On February 13, 2012, the Company entered into a share exchange agreement with Pan American. Pursuant to the Agreement, Pan American exchanged its outstanding membership interests for 5,500,000 shares of Rio Bravo’s Series A Preferred stock and the assumption of approximately $3.3 million of liabilities.

 

In June 2012, the Company consummated two transactions to acquire additional leasehold rights to acreage in Guadeloupe and Caldwell Counties, Texas. In the first agreement, the Company entered into a purchase and sale agreement with Numa Luling, LLC in which the Company acquired all of Numa Luling, LLC’s right, title and interest (25% working interest and 25% net revenue interest, subject to 25% ORRI) in leasehold rights to the same formation, the Edwards formation, held by the Company.

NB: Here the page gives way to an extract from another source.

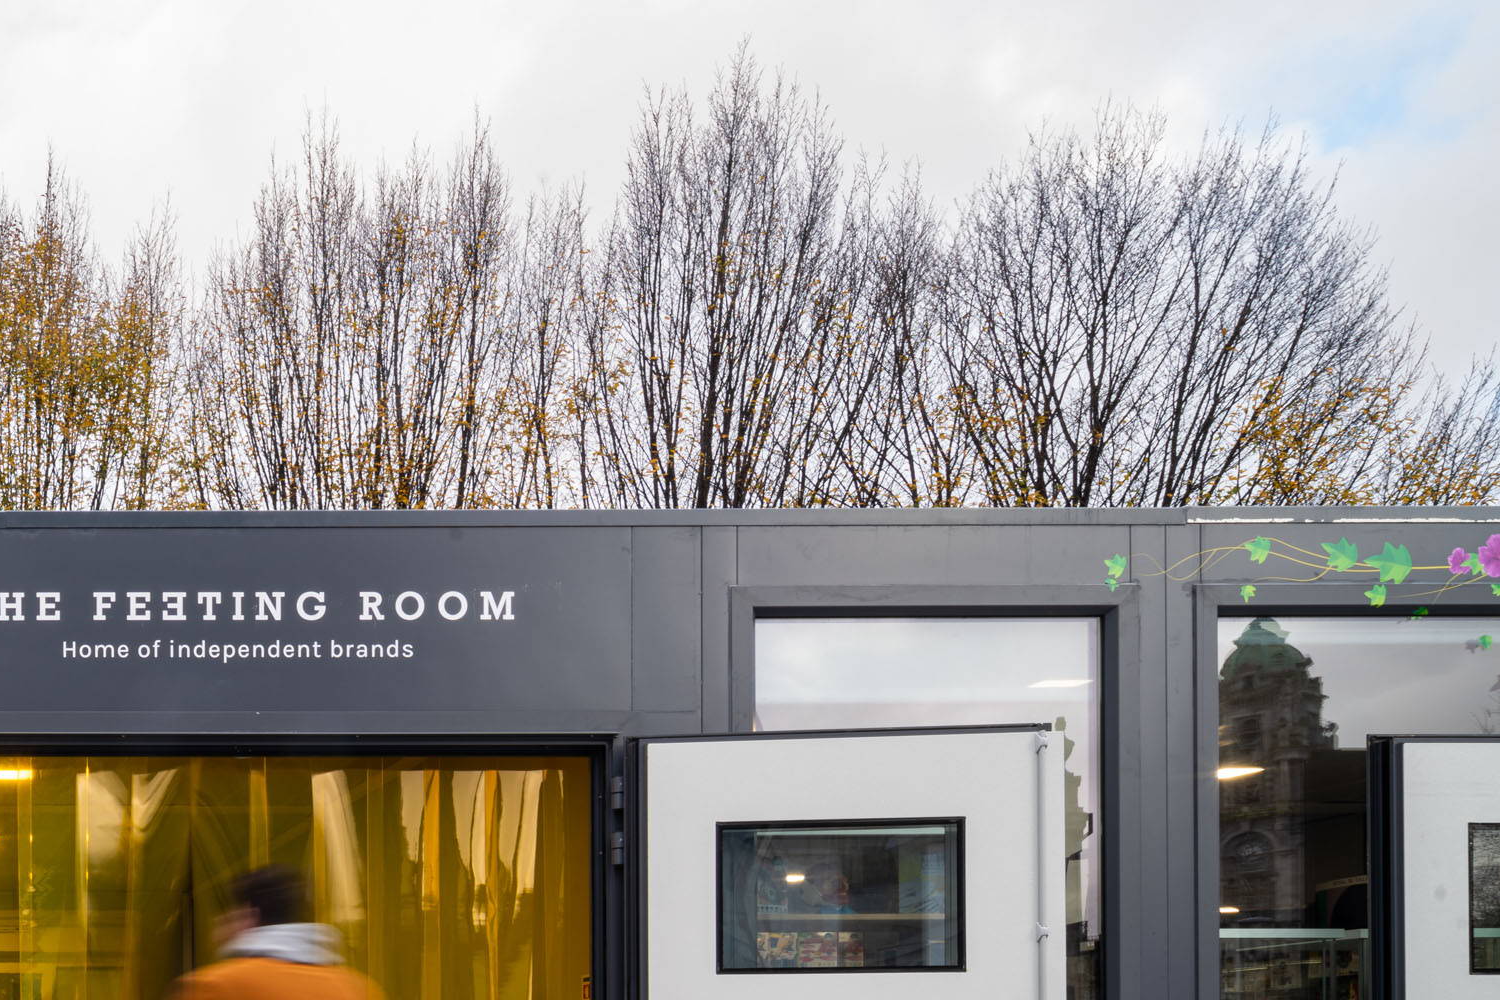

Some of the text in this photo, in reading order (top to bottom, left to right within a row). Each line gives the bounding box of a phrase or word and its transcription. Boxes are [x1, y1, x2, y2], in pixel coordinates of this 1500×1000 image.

[359, 590, 516, 622] ROOM
[62, 639, 415, 664] Home of independent brands
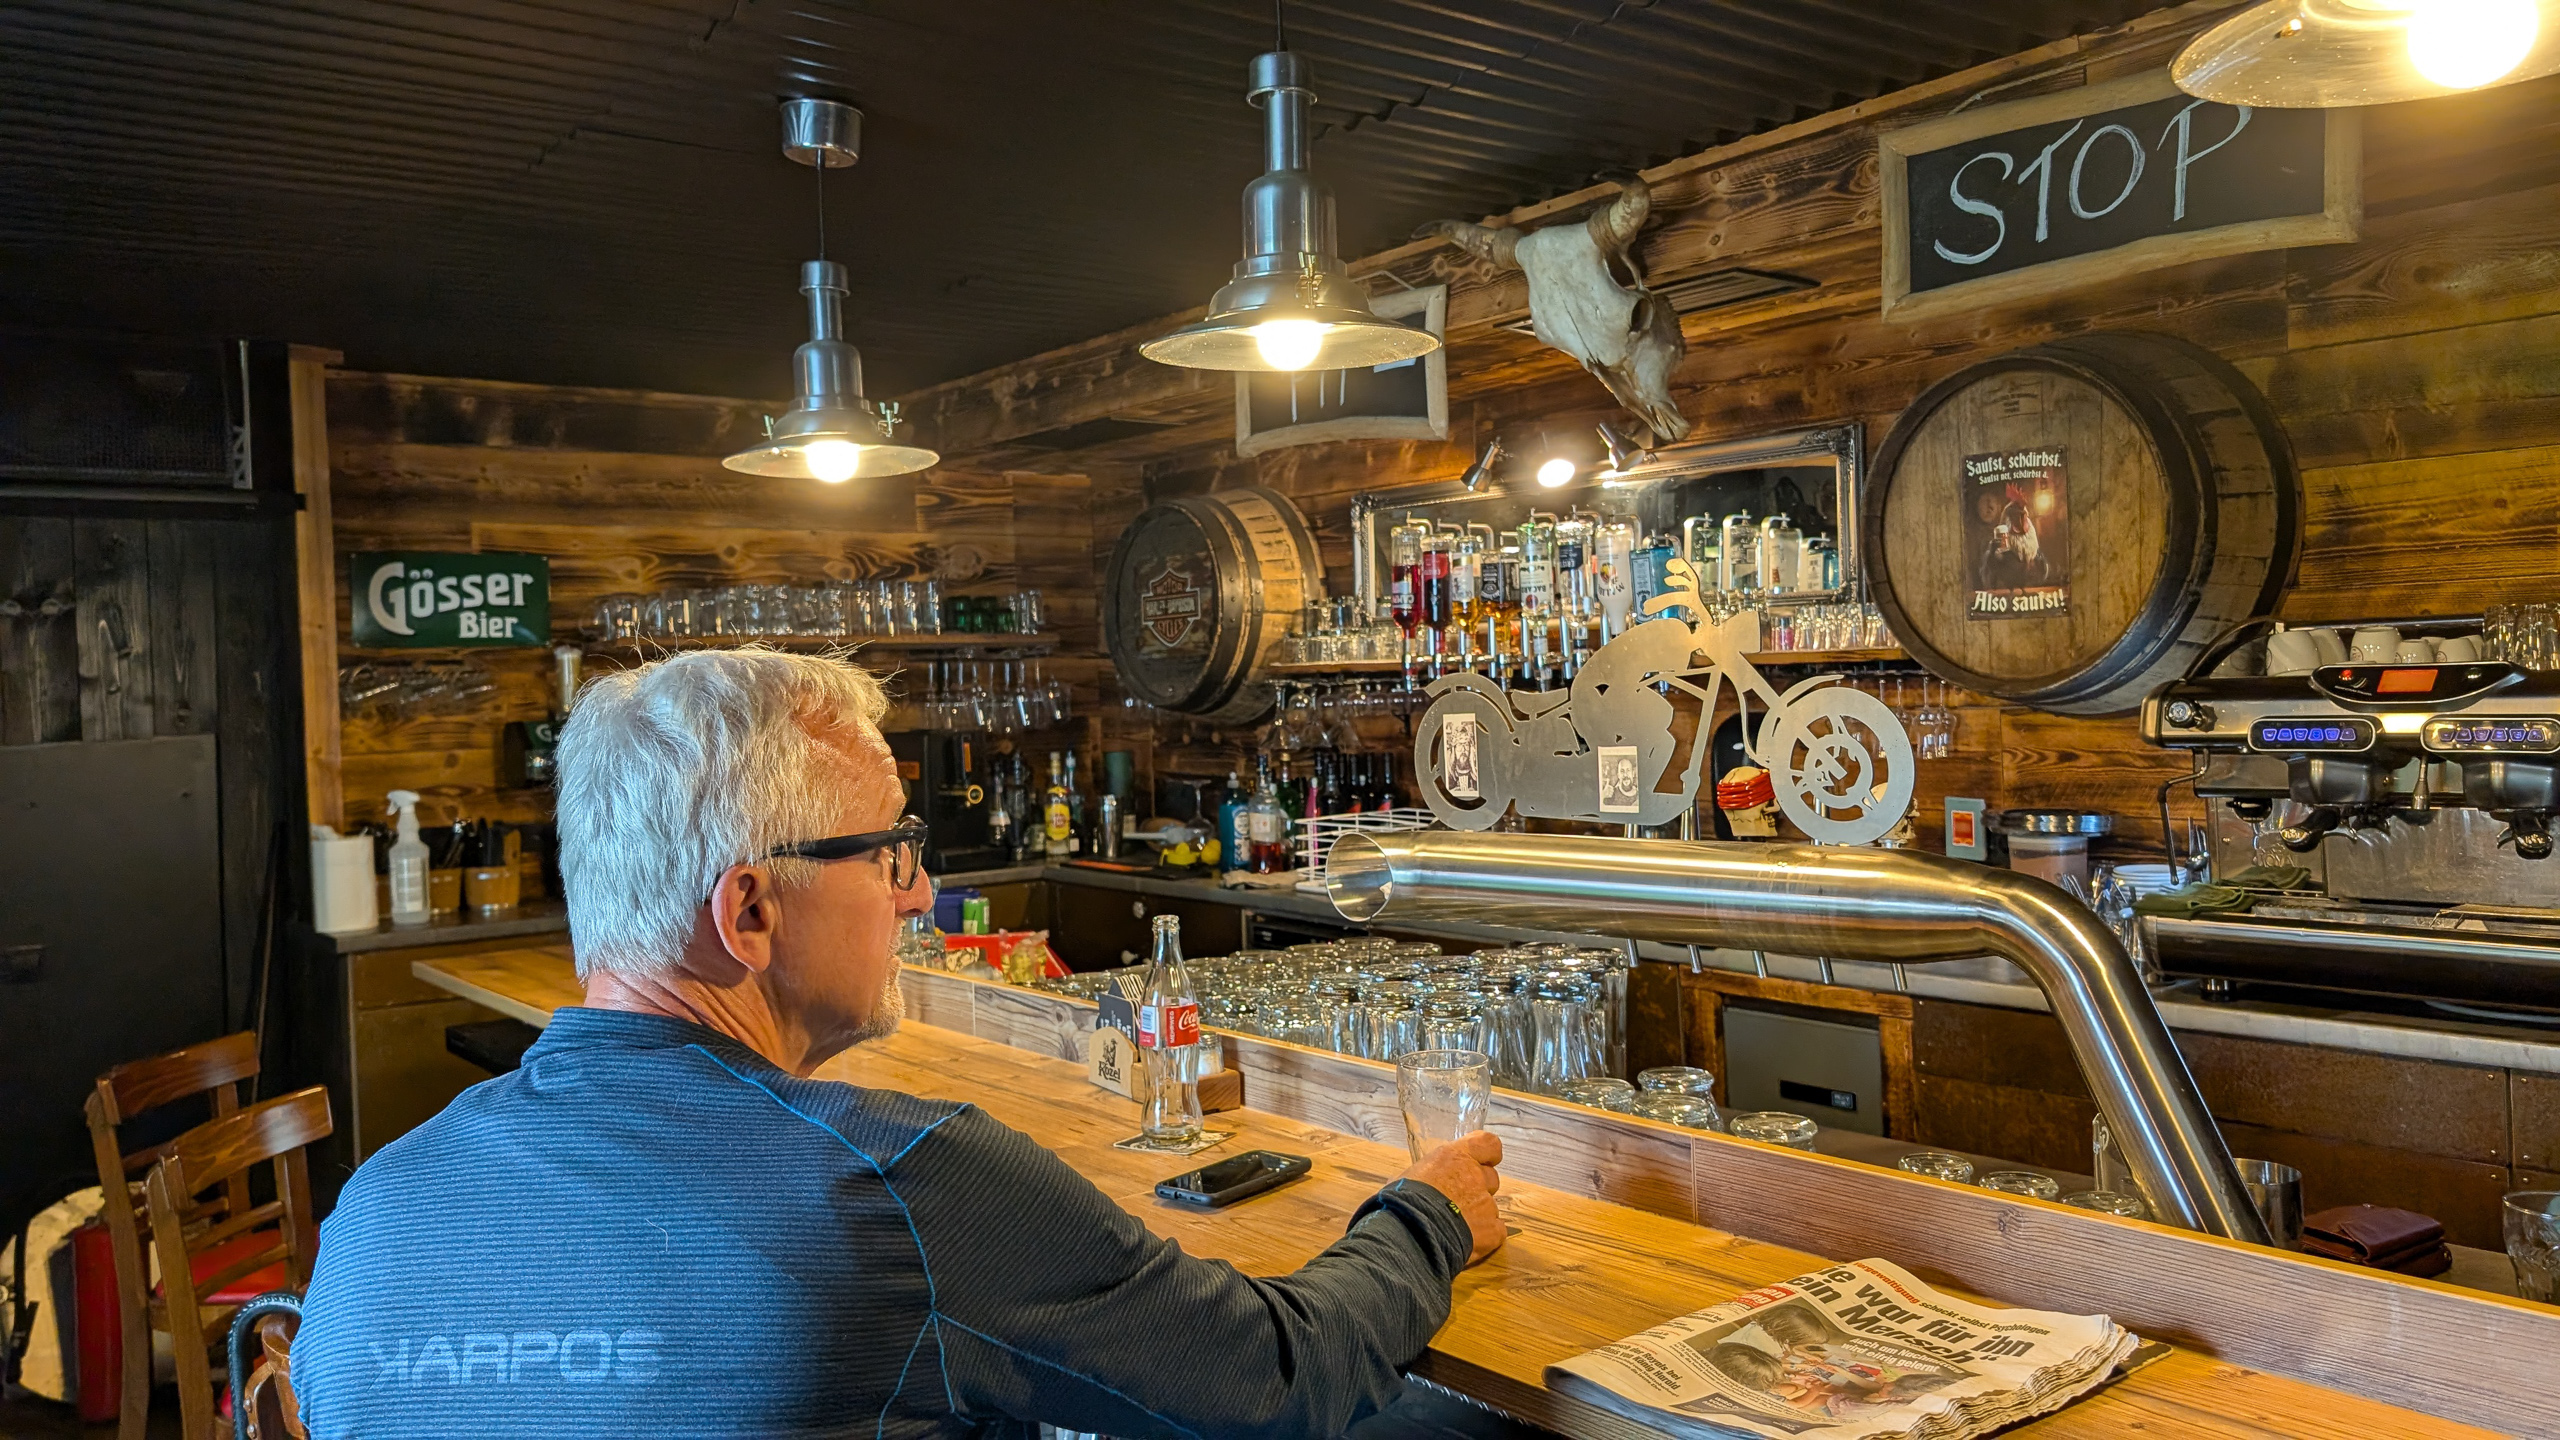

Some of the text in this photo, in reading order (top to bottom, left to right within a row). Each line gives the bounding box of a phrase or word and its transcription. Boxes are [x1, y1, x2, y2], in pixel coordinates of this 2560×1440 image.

The purchase price for the acquisition of interests held by Numa Luling, LLC was 3,250,000 shares of Series B Preferred stock, which the Company valued at $3.466 million.

 

The second acquisition was an asset purchase agreement with Eagle Ford in which the Company acquired 80% of the leasehold interests held by Eagle Ford. The leaseholds acquired were for depths other than the Edwards formation on the same acreage as the leaseholds owned by the Company. As part of the agreement, the Company agreed to carry the remaining 20% interest for drilling and swabbing operations, but not for leasehold operating expenses. The purchase price was payment of approximately $2 million in cash plus a note in the amount of $225,000 plus the assumption of certain payment obligations to the bankruptcy estate of the previous owner of the leasehold rights. One of the payment obligations calls for the Company to pay to the bankruptcy estate $5,000 per well drilled to a maximum of 200 wells and if that total is not met, a balloon payment is due on March 16, 2016 for the difference between $1 million and the per well amount funded through March 16, 2016.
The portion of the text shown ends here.